Shtykov N M, Vij J K, Nguyen H T
Department of Electronic and Electrical Engineering, Trinity College, University of Dublin, Dublin 2, Ireland.
Phys Rev E Stat Nonlin Soft Matter Phys. 2001 May;63(5 Pt 1):051708. doi: 10.1103/PhysRevE.63.051708. Epub 2001 Apr 25.
The antiferroelectric liquid crystal (AFLC) under investigation possesses different helical smectic phases. The various phases have been identified through a texture under cross-polarizers with a homeotropic alignment of the AFLC. Measurements of the optical rotatory power (ORP) of these phases have elucidated the ability of this method for finding phase transitions between several phases and for investigating the helical structure of the antiferroelectric phases.
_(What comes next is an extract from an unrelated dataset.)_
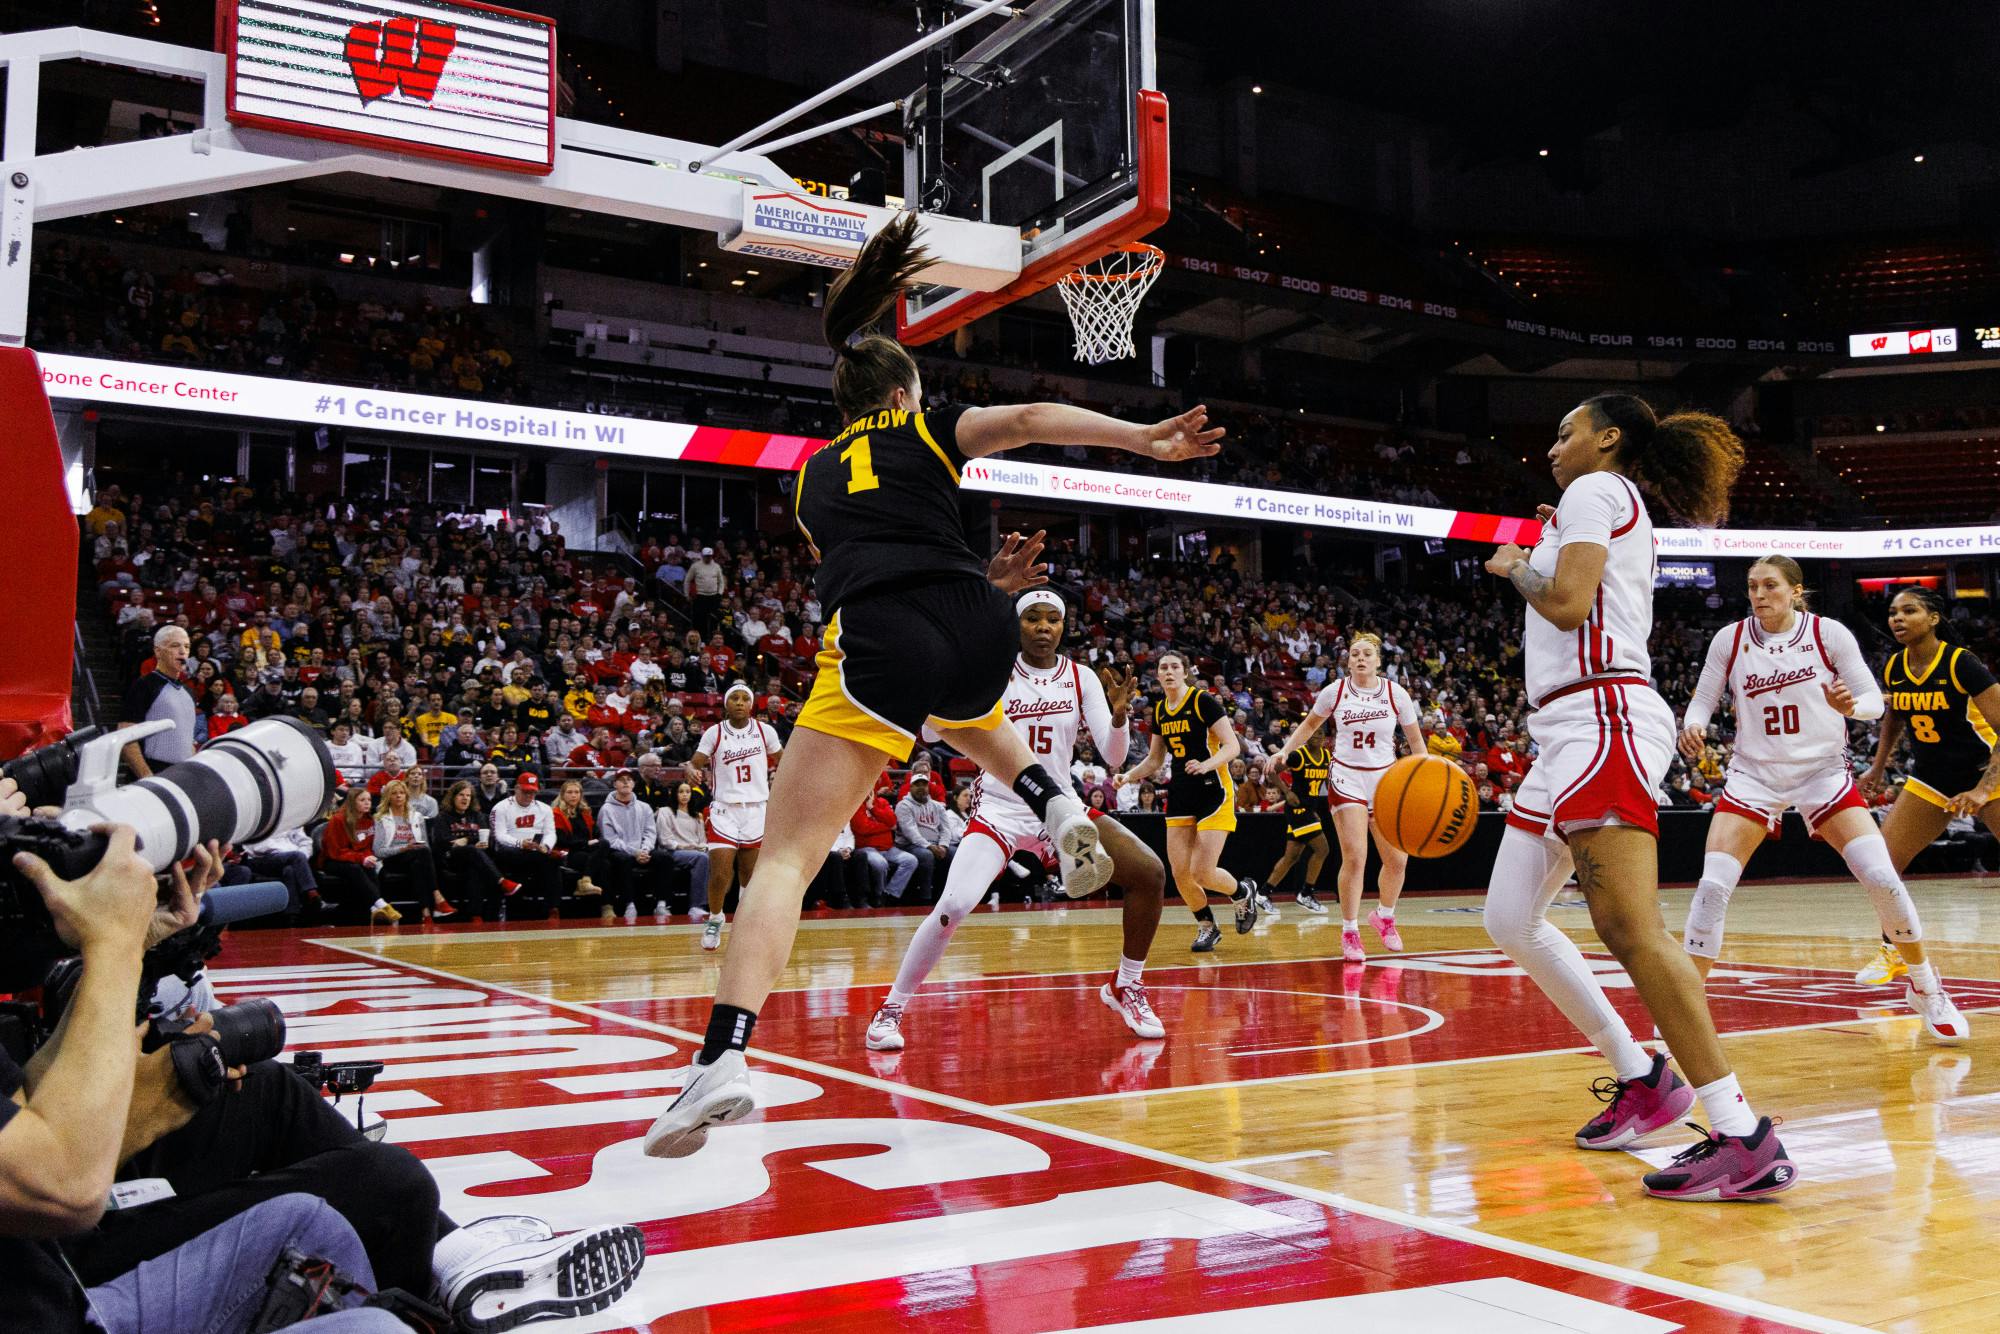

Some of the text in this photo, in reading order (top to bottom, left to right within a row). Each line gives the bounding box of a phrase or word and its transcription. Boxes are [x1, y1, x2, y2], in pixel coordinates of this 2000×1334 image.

The optical rotatory power as a function of temperature at a fixed wavelength of light was measured for different phases of the investigated AFLC material. The values of the pitch for some of the phases have been calculated from the ORP data. The results of the ORP rule out the simple "clock" model or a clock model with a long pitch superimposed on to it. The results can be explained only in terms of biaxial models, either Ising-type models or a highly distorted "clock" model. It is also found that in the SmCA phase the sense of the helix in the investigated material is left handed, and is opposite to that observed in the SmC phase. The reversal of the helix from left to right handed occurs during the phase transition from the SmCFI1(SmCgamma) to SmCFI2(AF) phase. This fact also allows for SmCA and AF phases to be distinguished from each other.
所研究的反铁电液晶(AFLC)具有不同的螺旋近晶相。通过在具有AFLC垂直取向的正交偏振器下的织构识别出了各个相。对这些相的旋光本领(ORP)的测量阐明了该方法用于发现几个相之间的相变以及研究反铁电相螺旋结构的能力。在固定波长的光下,针对所研究的AFLC材料的不同相测量了作为温度函数的旋光本领。已根据ORP数据计算出一些相的螺距值。ORP的结果排除了简单的“时钟”模型或叠加有长螺距的时钟模型。结果只能用双轴模型来解释,即伊辛型模型或高度扭曲的“时钟”模型。还发现,在所研究的材料中,在SmCA相中螺旋方向是左旋的,与在SmC相中观察到的相反。在从SmCFI1(SmCγ)到SmCFI2(AF)相的相变过程中,螺旋方向从左旋变为右旋。这一事实也使得SmCA相和AF相能够相互区分。